« Un joen pastor quitava » appartient au répertoire des chansons pastorales en langue gasconne, variété d’occitan parlée en Gascogne, dans les Landes et le Béarn. Anonyme et transmise oralement, elle illustre l’un des motifs les plus constants de la poésie populaire du Sud-Ouest : le berger amoureux contraint de quitter sa bergère pour rejoindre la ville. La référence à Bordeaux — « Bordèu » dans le texte — ancre le chant dans la géographie vivante du piémont pyrénéen et de la grande plaine landaise.
La Gascogne a produit l’une des traditions pastorales les plus abondantes de France. Au XIXe siècle, le folkloriste Jean-François Bladé (1827-1900) en a recueilli des centaines d’exemples dans ses Poésies populaires de la Gascogne (3 volumes, 1881-1882), révélant un corpus où alternent plainte amoureuse, départ forcé et fidélité mise à l’épreuve. « Un joen pastor quitava » s’inscrit pleinement dans cette tradition, reprenant la structure en strophes d’adieux successifs — à la cabane, à la bergère, aux brebis, au rossignol — qui en fait un véritable chant de séparation.
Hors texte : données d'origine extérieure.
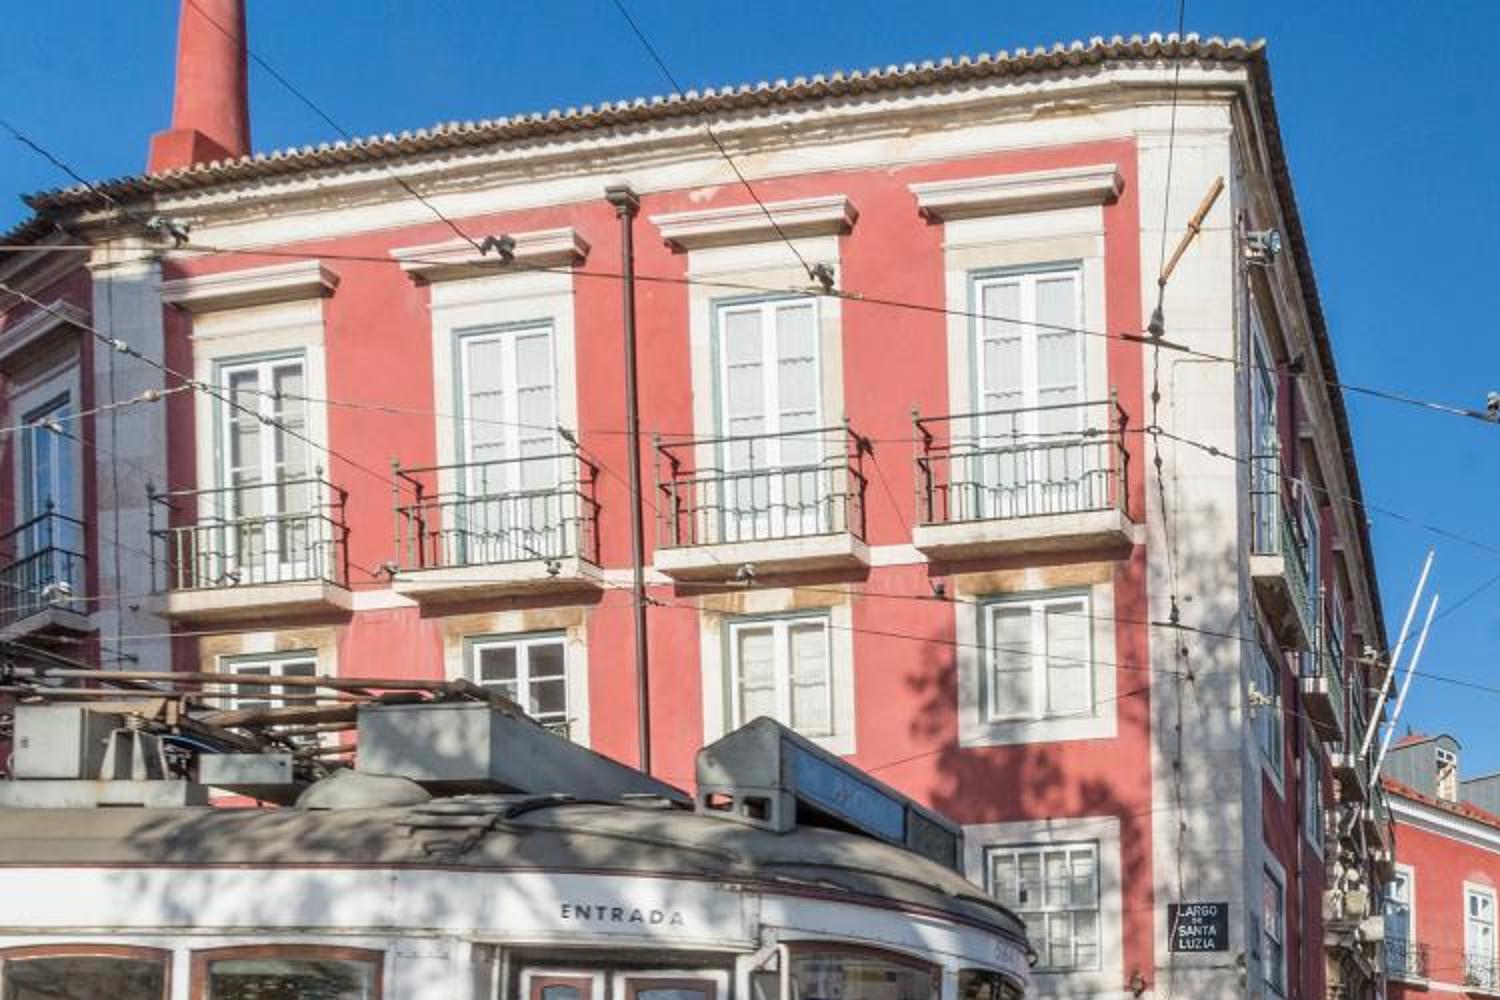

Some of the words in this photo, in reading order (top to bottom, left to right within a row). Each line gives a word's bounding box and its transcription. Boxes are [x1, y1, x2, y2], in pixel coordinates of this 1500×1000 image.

La construction poétique du texte mérite attention : le rossignol (rossinhou) y est convoqué comme témoin de la tendresse du berger, topos hérité de la lyrique occitane médiévale. La fin, amère, révèle qu’Anneta — la bergère aimée — changera bientôt d’amour, « va léu cambiar d’amor », conférant au chant une teinte tragique rare dans le genre pastoral, souvent idyllique.
Aujourd’hui, ce chant fait partie du répertoire vivant des cercles occitans et gascons du Sud-Ouest, interprété lors de veillées, de festivals de langue d’oc et par les chorales régionales attachées à la préservation du patrimoine vocal gascon.